Une des erreurs les plus coûteuses de l’histoire politique française.

Les plombiers du Canard enchaîné

En décembre 1973, le Canard enchaîné déménage. Un soir qu’il passe par hasard devant les fenêtres de ses futurs bureaux, un des collaborateurs du journal est étonné de voir de la lumière à l’intérieur. Il monte, sonne, et pose des questions : les personnes sur place assurent qu’ils interviennent au nom du bailleur en qualité de plombiers. Sauf que les travaux sont officiellement terminés depuis une semaine. Le collaborateur tique, appelle son patron et la police. A l’arrivée de cette dernière, les plombiers sont partis. Mais après inspection, on constate que les nouveaux bureaux sont truffés de micros.
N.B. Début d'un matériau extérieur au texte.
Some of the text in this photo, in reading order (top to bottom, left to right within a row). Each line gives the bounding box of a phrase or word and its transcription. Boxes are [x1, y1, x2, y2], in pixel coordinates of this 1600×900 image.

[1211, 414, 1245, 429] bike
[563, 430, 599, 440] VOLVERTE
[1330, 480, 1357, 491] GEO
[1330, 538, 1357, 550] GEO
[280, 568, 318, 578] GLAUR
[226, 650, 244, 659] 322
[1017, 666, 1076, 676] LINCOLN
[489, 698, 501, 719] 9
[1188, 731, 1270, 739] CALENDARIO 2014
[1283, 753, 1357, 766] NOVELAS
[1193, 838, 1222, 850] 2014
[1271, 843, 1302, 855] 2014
Très rapidement, le Canard révèle l’affaire en la surnommant la Watergaffe. Les plombiers en question s’avèrent être des agents de la DST venus pour installer des micros afin de surveiller les journalistes du Canard et identifier leurs sources dans les hautes sphères étatiques. Le ministre de l’Intérieur, Raymond Marcellin, serait le commanditaire direct de l’affaire. Seul hic, la justice, sous pression, rendra une ordonnance de non lieu suite au dépôt de plainte du Canard.

L'affaire Yann Piat

Députée frontiste du Var, Yann Piat avait quitté son parti d’origine pour rejoindre l’UDF au début des années 1990. Elle était une figure de proue de la lutte anti-corruption sur la Côte d’Azur et dénonçait notamment la collusion entre les milieux mafieux et la classe politique locale. Ça agaçait : le 25 février 1994, deux motards ont ainsi criblé de balles la voiture dans laquelle se trouve la députée et Yann Piat est morte.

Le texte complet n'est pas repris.